Do not send out alerts so frequently. Unfortunately, this is not entirely possible for reasons of legal liability where companies are obligated to notify of possible breaches. What companies can do is enhance their firewalls to decrease the number of breaches, which will decrease the number of notifications they do have to send. Second, companies can improve their speed and thoroughness of reviews of incidents to determine if anything actually happened, and if they need to send out a report.
Rodrigo Montagner
Rodrigo Montagner is the CEO and Founder of OM2 Tech Consulting Solutions.
"In order to be safe and sound from the alert fatigue of managing and thinking about risk possibilities in their environments..."
Cybersecurity pros need to learn how to rise above the chaos – and sometimes very harmful situations – without letting negative emotions take over them.

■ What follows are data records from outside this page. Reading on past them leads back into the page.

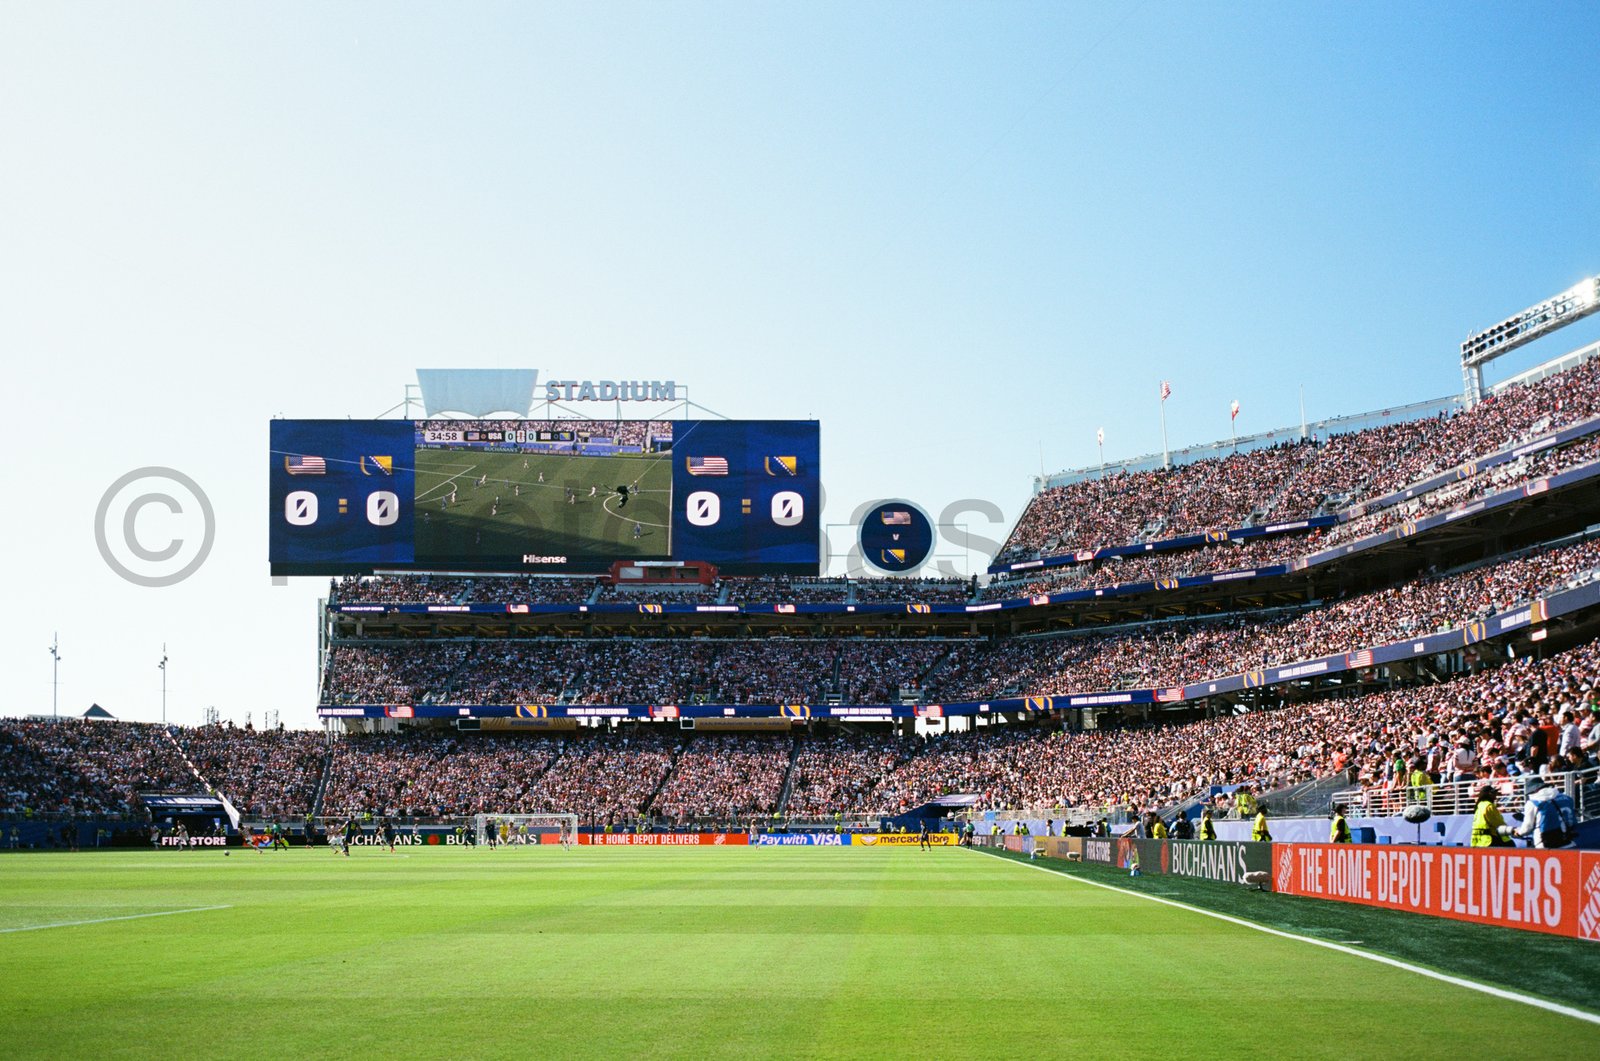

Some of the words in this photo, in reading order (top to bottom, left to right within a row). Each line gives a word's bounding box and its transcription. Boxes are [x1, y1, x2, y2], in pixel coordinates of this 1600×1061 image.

[545, 380, 675, 401] STADIUM
[430, 432, 457, 440] 34:58
[488, 432, 502, 440] USA
[285, 491, 319, 526] 0
[366, 491, 399, 526] 0
[686, 491, 720, 526] 0
[771, 491, 804, 526] 0
[523, 554, 567, 564] Hisense
[162, 837, 187, 846] FIFA
[190, 836, 226, 846] STORE
[346, 834, 422, 846] UCHAAN'S
[446, 834, 537, 845] BUHANAN'S
[588, 834, 604, 844] THE
[606, 834, 627, 844] HOME
[633, 834, 659, 844] DEPOT
[661, 834, 699, 844] DELIVERS
[759, 834, 781, 845] Pay
[782, 834, 808, 845] with
[810, 834, 842, 845] VISA
[880, 834, 922, 844] mercad
[1172, 842, 1247, 884] BUCHANAN'S
[1299, 848, 1323, 893] THE
[1328, 849, 1372, 900] HOME
[1378, 850, 1434, 909] DEPOT
[1441, 853, 1562, 927] DELIVERS

In other words, security pros should have or develop a personal repertoire of mental healthiness habits to avoid negative emotions whenever the going gets rough. Mental healthiness habits can include many different processes, such as a protocol of checking activities happening on a daily basis in your infrastructure, a silent office, light classical music in your headphones during crisis and, at the bottom of the drawer, the DR code and protocol that has been fully and continuously tested and documented.
Iurii Garasym
Iurii Garasym is the Head of Corporate Security at ELEKS and President of Cloud Security Alliance's Lviv Chapter. Iurii's professional goal is to make business survivable. He focuses on developments of the security program based on the emerging security solutions and integrates those into business goals, objectives, strategy and activities.
"The important questions to ask are..."
What can infosec pros do today to avoid cyber alert fatigue and what should the whole industry do tomorrow to understand the ROSI (return on security investments)?

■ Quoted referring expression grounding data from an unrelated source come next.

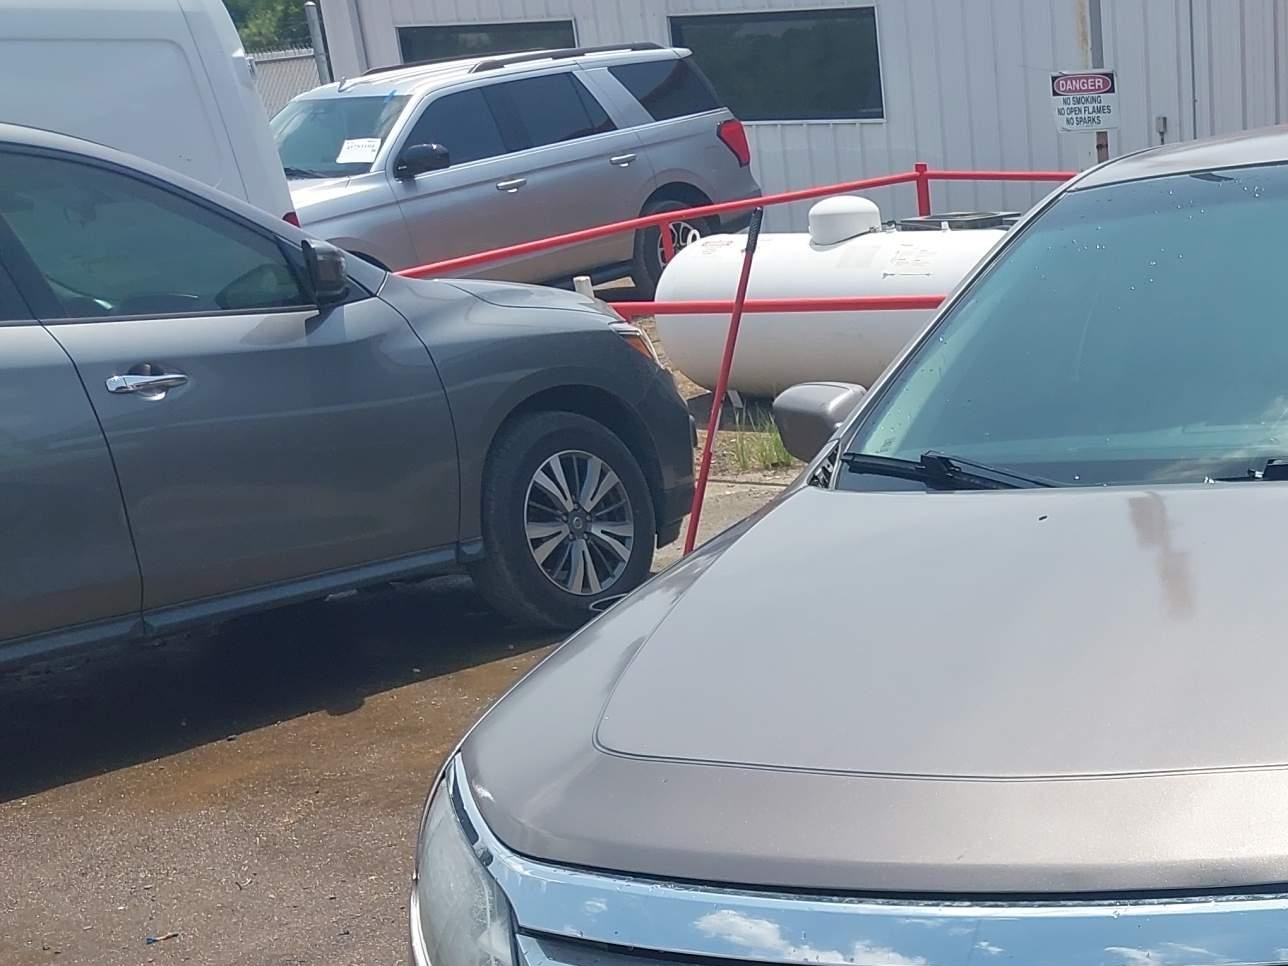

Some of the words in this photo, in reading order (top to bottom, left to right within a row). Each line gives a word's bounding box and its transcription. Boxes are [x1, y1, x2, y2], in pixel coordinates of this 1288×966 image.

[1059, 78, 1103, 91] DANGER
[1062, 97, 1071, 105] NO
[1072, 95, 1102, 105] SMOKING
[1057, 107, 1066, 116] NO
[1066, 106, 1082, 116] OPEN
[1084, 105, 1112, 115] FLAMES
[1066, 117, 1074, 125] NO
[1076, 116, 1101, 125] SPARKS

Alerts are the results. Their numbers are caused by the quality of the internal processes and organisational context. What we have now: dozens of security tools that are efficient in their silos but not good enough as a whole system; tight budgets and no understanding of where to focus; increased usage of managed services and missing personal responsibility for the results; poor system integration. Involve your analysts and engineers in the market research to assess new opportunities, motivate them to automate routine work and focus on results and efficiency. Talk or at least listen to your organization. What is important to them: revenue growth, time to market, compliance, customer satisfaction? Clear and/or limit the scope of the security operation, understand their appetite to risk, and focus on the most critical points. Talk to your organization again to tune your “weapons” and produce the deliverables that they can use to drive the business forward. Soft skills matter. The industry is changing, and security should improve as well. You need to be on the same page with your business. While they innovate and transform, the security should keep up.
Chris Gonzales
Chris Gonzales is My IT's Chief Technology Officer (CTO) and has extensive knowledge designing complex networks and working in highly regulated industries including banking and oil & gas.
"Proactively preventing problems allows you to..."
Literally sleep better at night and reduces the unpredictable nature and burden that frequent alerts put on technology professionals. Staying ahead of the proverbial curve is easier to manage, less stressful, and better for a business' bottomline than always playing catch up, especially in regards to cybersecurity. You can spend the same amount of time fortifying your defenses to prevent a breach as you can remedying a breach, but the urgency is drastically reduced as is the downtime to the company, so the overall ROI (Return on Investment) of being proactive is a no- brainer.